= Task instructions =
Beginning at the line that contains "this 1288×966 image.", transcribe the remaining lines of the listing exactly; include the final line and omit everything before.

**** Data

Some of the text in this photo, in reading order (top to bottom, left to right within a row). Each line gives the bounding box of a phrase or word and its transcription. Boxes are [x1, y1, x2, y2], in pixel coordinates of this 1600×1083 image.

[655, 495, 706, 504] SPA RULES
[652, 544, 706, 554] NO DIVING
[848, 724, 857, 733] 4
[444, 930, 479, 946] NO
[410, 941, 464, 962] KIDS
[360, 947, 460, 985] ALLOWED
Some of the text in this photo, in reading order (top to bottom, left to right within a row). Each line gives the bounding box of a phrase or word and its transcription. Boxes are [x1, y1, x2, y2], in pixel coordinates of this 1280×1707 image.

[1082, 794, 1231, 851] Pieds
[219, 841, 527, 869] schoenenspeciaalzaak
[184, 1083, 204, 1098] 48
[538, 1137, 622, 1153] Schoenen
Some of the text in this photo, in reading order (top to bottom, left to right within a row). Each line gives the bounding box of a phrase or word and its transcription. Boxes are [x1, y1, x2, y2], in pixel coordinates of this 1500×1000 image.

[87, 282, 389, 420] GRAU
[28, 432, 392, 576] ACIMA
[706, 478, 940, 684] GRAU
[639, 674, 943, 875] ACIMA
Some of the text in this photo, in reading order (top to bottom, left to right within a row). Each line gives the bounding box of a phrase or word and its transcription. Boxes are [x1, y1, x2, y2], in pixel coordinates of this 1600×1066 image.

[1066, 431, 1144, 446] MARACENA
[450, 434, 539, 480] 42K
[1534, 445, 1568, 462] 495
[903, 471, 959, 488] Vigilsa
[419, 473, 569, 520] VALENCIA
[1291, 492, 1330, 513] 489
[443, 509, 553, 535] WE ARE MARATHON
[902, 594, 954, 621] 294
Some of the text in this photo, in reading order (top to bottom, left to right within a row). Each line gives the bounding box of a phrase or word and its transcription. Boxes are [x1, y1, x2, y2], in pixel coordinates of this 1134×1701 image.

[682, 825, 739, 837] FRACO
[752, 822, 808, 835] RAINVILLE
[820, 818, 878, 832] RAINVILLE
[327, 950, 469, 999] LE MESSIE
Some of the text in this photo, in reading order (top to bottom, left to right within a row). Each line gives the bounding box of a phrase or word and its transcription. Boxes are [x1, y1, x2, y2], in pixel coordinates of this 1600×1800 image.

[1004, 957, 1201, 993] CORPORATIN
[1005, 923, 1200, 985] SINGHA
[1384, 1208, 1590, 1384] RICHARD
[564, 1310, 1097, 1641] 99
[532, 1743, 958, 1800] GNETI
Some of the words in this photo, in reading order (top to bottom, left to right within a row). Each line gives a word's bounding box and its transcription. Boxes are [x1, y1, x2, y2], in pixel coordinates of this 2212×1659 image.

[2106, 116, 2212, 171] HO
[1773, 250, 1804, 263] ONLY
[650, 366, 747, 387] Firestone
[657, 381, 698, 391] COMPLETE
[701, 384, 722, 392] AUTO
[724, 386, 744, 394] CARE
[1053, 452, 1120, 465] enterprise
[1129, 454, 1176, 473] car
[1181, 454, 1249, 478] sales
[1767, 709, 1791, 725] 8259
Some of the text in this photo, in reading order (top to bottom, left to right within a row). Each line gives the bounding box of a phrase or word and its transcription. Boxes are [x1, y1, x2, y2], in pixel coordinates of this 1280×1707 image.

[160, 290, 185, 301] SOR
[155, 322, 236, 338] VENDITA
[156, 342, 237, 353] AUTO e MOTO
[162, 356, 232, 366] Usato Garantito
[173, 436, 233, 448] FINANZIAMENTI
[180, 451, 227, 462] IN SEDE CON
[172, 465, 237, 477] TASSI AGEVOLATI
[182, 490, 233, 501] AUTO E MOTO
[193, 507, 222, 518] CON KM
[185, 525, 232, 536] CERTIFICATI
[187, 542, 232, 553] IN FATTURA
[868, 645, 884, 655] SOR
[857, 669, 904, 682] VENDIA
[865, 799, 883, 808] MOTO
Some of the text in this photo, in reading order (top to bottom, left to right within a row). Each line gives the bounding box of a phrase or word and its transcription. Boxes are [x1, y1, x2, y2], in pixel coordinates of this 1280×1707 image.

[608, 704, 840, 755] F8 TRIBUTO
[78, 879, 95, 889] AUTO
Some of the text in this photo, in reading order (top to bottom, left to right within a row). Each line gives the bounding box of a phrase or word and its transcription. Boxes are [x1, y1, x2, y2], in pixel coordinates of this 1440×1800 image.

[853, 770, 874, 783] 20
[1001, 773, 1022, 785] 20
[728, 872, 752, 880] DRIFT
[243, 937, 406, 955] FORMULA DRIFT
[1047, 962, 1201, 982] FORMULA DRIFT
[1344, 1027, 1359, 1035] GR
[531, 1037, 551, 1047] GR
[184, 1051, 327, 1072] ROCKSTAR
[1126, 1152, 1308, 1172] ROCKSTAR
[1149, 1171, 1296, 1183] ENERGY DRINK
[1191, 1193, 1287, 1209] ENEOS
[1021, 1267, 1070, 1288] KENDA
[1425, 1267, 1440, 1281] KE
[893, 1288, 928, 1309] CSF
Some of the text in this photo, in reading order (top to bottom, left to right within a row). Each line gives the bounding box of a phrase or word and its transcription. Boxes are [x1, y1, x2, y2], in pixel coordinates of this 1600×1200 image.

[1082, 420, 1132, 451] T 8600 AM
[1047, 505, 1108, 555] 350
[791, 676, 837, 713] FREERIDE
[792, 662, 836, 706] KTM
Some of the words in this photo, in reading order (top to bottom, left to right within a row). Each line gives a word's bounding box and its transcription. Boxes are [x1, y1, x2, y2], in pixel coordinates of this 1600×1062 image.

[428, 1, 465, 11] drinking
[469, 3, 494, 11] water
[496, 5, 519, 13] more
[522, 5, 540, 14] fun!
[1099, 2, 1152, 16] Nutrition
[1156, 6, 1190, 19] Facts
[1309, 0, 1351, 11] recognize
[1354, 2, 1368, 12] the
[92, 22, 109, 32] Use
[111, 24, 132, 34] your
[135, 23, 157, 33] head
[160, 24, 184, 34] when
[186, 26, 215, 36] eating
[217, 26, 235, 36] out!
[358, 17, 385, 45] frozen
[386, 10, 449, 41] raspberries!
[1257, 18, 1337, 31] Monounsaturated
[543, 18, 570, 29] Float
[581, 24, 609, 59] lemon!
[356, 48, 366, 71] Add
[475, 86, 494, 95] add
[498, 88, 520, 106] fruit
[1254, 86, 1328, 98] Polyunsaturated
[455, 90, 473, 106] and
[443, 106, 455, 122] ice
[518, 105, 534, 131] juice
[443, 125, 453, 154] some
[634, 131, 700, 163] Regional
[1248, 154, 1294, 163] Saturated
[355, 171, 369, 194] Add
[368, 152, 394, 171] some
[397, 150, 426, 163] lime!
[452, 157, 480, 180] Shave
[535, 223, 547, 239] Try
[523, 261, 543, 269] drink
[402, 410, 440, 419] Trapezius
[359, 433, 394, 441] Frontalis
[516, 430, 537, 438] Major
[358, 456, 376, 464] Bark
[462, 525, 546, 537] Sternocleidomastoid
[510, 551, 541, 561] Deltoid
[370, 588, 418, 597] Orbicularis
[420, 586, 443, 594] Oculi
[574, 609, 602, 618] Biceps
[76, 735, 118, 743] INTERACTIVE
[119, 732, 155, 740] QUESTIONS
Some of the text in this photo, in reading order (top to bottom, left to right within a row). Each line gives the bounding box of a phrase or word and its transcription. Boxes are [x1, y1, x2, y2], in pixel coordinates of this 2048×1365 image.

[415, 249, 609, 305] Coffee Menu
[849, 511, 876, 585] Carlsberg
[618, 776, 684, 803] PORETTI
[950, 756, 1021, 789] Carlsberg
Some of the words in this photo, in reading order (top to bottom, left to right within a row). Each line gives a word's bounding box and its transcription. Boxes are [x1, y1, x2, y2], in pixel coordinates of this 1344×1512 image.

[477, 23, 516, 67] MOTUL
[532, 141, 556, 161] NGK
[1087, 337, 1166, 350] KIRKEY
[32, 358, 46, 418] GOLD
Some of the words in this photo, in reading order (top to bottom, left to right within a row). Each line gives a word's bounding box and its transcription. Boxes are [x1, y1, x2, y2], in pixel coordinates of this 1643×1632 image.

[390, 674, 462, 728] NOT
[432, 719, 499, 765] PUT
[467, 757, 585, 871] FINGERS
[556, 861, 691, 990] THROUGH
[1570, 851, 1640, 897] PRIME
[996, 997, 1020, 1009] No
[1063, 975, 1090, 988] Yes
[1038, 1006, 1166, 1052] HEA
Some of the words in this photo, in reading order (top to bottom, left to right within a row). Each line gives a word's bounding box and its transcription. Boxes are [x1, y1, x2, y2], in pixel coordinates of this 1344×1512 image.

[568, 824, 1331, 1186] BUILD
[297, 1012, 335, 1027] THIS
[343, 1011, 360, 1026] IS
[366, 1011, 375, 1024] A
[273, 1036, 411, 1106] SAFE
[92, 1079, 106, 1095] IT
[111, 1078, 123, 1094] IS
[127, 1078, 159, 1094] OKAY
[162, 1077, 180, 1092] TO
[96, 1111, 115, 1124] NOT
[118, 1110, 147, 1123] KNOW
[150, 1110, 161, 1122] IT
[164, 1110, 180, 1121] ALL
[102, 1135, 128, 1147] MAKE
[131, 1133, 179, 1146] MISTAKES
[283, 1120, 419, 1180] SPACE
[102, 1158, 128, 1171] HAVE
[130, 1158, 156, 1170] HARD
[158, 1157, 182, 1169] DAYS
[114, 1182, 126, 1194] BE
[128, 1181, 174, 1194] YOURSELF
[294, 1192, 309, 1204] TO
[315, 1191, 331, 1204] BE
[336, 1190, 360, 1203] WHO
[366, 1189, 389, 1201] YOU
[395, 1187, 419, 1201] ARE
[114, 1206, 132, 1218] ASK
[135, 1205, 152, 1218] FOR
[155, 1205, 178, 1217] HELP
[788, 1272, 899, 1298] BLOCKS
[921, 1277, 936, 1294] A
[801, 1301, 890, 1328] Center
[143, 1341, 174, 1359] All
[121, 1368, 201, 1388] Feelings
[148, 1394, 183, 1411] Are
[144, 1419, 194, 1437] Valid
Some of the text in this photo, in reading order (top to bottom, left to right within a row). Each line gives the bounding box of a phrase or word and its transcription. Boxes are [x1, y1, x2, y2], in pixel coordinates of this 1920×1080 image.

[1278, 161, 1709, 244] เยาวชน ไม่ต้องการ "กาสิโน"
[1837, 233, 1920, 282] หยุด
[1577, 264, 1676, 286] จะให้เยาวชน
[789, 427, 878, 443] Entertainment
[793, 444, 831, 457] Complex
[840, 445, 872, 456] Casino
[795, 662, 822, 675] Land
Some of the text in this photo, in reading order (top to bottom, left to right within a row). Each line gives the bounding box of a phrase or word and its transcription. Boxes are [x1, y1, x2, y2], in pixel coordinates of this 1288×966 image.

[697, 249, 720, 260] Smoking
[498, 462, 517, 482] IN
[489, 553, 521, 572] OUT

********

= Task solution =
Some of the text in this photo, in reading order (top to bottom, left to right within a row). Each line gives the bounding box of a phrase or word and its transcription. Boxes are [x1, y1, x2, y2], in pixel coordinates of this 1288×966 image.

[697, 249, 720, 260] Smoking
[498, 462, 517, 482] IN
[489, 553, 521, 572] OUT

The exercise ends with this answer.